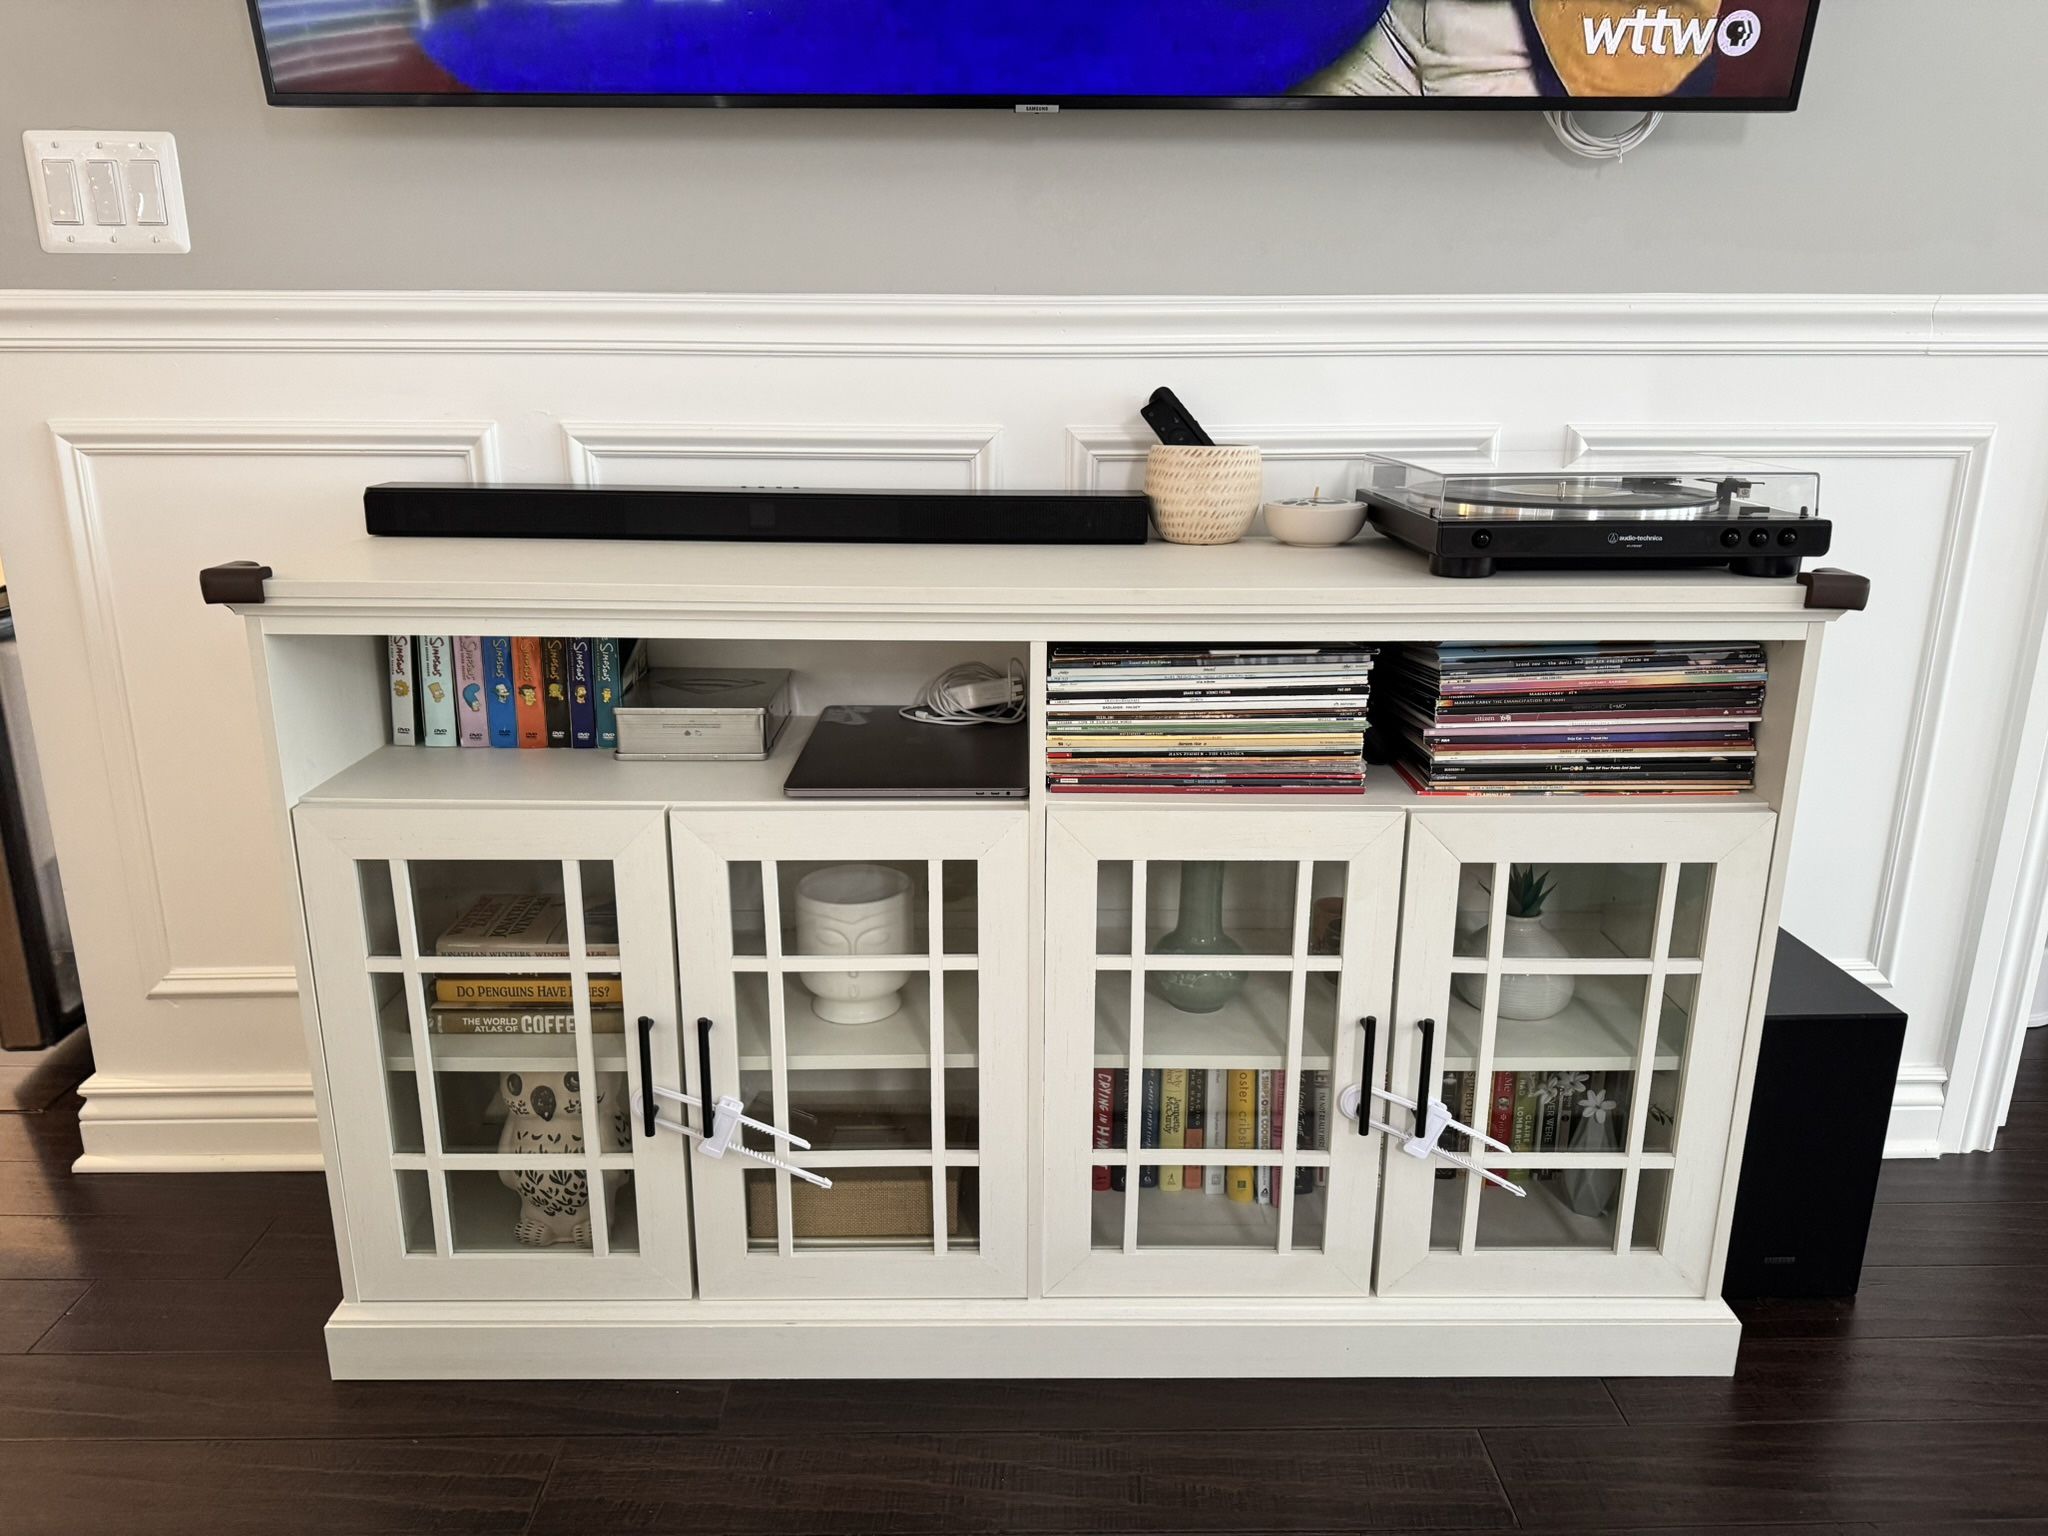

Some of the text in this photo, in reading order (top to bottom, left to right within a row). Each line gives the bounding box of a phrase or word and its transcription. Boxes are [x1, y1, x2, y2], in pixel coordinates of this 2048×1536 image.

[1583, 8, 1718, 55] wttw
[478, 986, 534, 997] PENGUINS
[538, 986, 567, 997] HAVE
[521, 1015, 576, 1033] COFFE
[1098, 1073, 1112, 1111] CRYING
[1504, 1078, 1512, 1092] Me
[1099, 1114, 1108, 1124] IN
[1163, 1096, 1174, 1134] McCurdy
[1173, 1098, 1182, 1133] Jennette
[1238, 1072, 1251, 1149] oster cribsh
[1514, 1106, 1524, 1151] LOMBARDO
[1523, 1115, 1532, 1142] CLAIRE
[1544, 1117, 1554, 1143] WERE
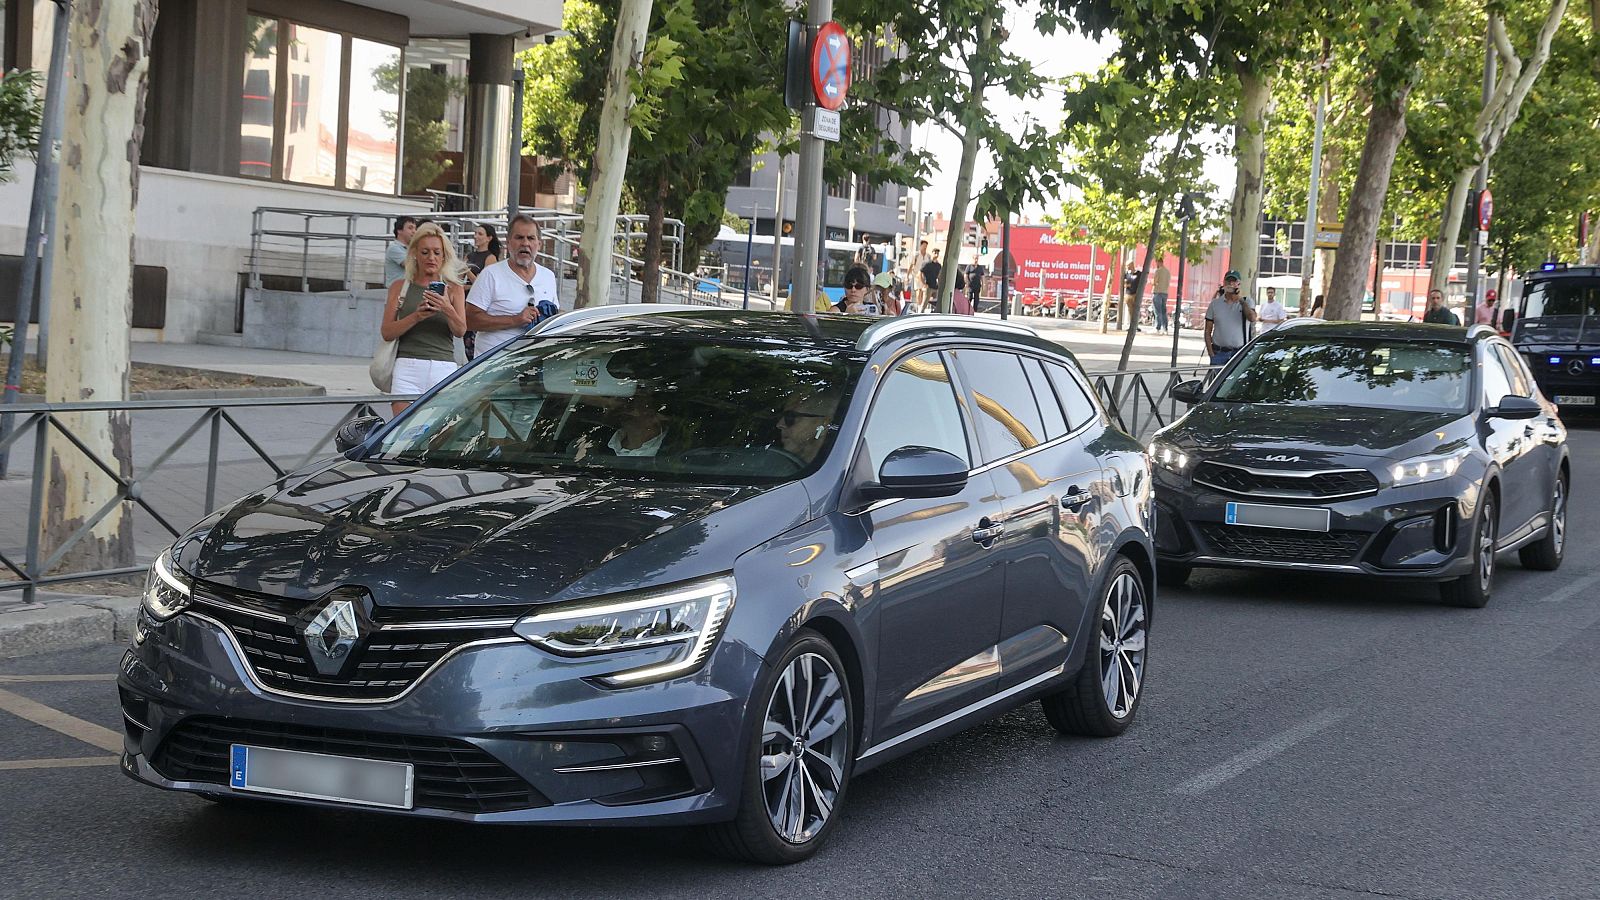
-----
## TASK INSTRUCTIONS
Quote each entry above verbatim and drop the pictures.

## TASK RESULT
Some of the text in this photo, in reading order (top to bottom, left to right within a row). Each line gives the bounding box of a phrase or word and its transcription. Boxes are [x1, y1, x2, y2], in pixel coordinates of this 2048×1536 image.

[1583, 8, 1718, 55] wttw
[478, 986, 534, 997] PENGUINS
[538, 986, 567, 997] HAVE
[521, 1015, 576, 1033] COFFE
[1098, 1073, 1112, 1111] CRYING
[1504, 1078, 1512, 1092] Me
[1099, 1114, 1108, 1124] IN
[1163, 1096, 1174, 1134] McCurdy
[1173, 1098, 1182, 1133] Jennette
[1238, 1072, 1251, 1149] oster cribsh
[1514, 1106, 1524, 1151] LOMBARDO
[1523, 1115, 1532, 1142] CLAIRE
[1544, 1117, 1554, 1143] WERE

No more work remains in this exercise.